TASK TO CARRY OUT: Repeat each entry below exactly as it stands.

INFORMATION SUPPLIED:
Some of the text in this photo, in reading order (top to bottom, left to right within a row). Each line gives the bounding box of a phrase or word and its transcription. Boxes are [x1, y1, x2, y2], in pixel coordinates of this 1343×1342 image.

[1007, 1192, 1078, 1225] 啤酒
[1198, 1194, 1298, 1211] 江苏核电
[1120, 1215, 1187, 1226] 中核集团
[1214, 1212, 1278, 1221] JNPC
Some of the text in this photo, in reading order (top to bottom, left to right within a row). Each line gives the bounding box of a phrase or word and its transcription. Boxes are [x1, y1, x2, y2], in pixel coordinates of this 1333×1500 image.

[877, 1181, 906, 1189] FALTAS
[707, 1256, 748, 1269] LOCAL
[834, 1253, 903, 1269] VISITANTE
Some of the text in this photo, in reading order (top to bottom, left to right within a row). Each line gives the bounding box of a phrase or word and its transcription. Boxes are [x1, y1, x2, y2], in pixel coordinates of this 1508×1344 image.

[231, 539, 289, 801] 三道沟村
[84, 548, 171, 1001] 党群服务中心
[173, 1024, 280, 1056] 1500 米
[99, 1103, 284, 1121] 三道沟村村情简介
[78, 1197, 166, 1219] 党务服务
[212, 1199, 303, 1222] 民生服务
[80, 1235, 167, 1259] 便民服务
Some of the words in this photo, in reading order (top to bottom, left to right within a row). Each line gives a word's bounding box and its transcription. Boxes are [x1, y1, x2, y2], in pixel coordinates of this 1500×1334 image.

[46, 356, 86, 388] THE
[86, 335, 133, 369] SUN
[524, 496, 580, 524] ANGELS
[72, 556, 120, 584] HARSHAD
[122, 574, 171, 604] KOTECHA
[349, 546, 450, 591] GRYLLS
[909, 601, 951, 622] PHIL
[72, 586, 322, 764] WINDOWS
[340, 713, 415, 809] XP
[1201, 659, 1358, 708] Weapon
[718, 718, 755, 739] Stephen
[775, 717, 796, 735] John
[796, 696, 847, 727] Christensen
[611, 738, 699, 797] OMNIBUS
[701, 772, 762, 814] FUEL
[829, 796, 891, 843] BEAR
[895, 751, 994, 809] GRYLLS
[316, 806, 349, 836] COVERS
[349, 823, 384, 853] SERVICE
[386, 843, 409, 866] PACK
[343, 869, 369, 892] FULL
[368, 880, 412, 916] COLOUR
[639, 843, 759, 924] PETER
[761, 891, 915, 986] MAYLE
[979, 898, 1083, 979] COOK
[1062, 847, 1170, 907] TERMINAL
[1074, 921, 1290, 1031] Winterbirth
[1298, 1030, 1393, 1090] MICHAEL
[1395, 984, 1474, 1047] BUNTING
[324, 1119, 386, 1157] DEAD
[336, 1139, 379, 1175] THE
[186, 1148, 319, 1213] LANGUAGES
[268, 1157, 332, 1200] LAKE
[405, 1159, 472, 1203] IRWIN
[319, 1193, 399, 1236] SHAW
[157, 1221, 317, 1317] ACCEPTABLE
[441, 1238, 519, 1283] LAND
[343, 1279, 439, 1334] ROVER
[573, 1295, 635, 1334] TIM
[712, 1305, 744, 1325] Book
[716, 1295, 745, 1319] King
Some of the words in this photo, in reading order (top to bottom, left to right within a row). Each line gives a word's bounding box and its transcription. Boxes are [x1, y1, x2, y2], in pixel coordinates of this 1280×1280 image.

SOLUTION FOR THIS PROBLEM:
Some of the text in this photo, in reading order (top to bottom, left to right within a row). Each line gives the bounding box of a phrase or word and its transcription. Boxes are [x1, y1, x2, y2], in pixel coordinates of this 1343×1342 image.

[1007, 1192, 1078, 1225] 啤酒
[1198, 1194, 1298, 1211] 江苏核电
[1120, 1215, 1187, 1226] 中核集团
[1214, 1212, 1278, 1221] JNPC
Some of the text in this photo, in reading order (top to bottom, left to right within a row). Each line gives the bounding box of a phrase or word and its transcription. Boxes are [x1, y1, x2, y2], in pixel coordinates of this 1333×1500 image.

[877, 1181, 906, 1189] FALTAS
[707, 1256, 748, 1269] LOCAL
[834, 1253, 903, 1269] VISITANTE
Some of the text in this photo, in reading order (top to bottom, left to right within a row). Each line gives the bounding box of a phrase or word and its transcription. Boxes are [x1, y1, x2, y2], in pixel coordinates of this 1508×1344 image.

[231, 539, 289, 801] 三道沟村
[84, 548, 171, 1001] 党群服务中心
[173, 1024, 280, 1056] 1500 米
[99, 1103, 284, 1121] 三道沟村村情简介
[78, 1197, 166, 1219] 党务服务
[212, 1199, 303, 1222] 民生服务
[80, 1235, 167, 1259] 便民服务
Some of the words in this photo, in reading order (top to bottom, left to right within a row). Each line gives a word's bounding box and its transcription. Boxes are [x1, y1, x2, y2], in pixel coordinates of this 1500×1334 image.

[46, 356, 86, 388] THE
[86, 335, 133, 369] SUN
[524, 496, 580, 524] ANGELS
[72, 556, 120, 584] HARSHAD
[122, 574, 171, 604] KOTECHA
[349, 546, 450, 591] GRYLLS
[909, 601, 951, 622] PHIL
[72, 586, 322, 764] WINDOWS
[340, 713, 415, 809] XP
[1201, 659, 1358, 708] Weapon
[718, 718, 755, 739] Stephen
[775, 717, 796, 735] John
[796, 696, 847, 727] Christensen
[611, 738, 699, 797] OMNIBUS
[701, 772, 762, 814] FUEL
[829, 796, 891, 843] BEAR
[895, 751, 994, 809] GRYLLS
[316, 806, 349, 836] COVERS
[349, 823, 384, 853] SERVICE
[386, 843, 409, 866] PACK
[343, 869, 369, 892] FULL
[368, 880, 412, 916] COLOUR
[639, 843, 759, 924] PETER
[761, 891, 915, 986] MAYLE
[979, 898, 1083, 979] COOK
[1062, 847, 1170, 907] TERMINAL
[1074, 921, 1290, 1031] Winterbirth
[1298, 1030, 1393, 1090] MICHAEL
[1395, 984, 1474, 1047] BUNTING
[324, 1119, 386, 1157] DEAD
[336, 1139, 379, 1175] THE
[186, 1148, 319, 1213] LANGUAGES
[268, 1157, 332, 1200] LAKE
[405, 1159, 472, 1203] IRWIN
[319, 1193, 399, 1236] SHAW
[157, 1221, 317, 1317] ACCEPTABLE
[441, 1238, 519, 1283] LAND
[343, 1279, 439, 1334] ROVER
[573, 1295, 635, 1334] TIM
[712, 1305, 744, 1325] Book
[716, 1295, 745, 1319] King
Some of the words in this photo, in reading order (top to bottom, left to right within a row). Each line gives a word's bounding box and its transcription. Boxes are [x1, y1, x2, y2], in pixel coordinates of this 1280×1280 image.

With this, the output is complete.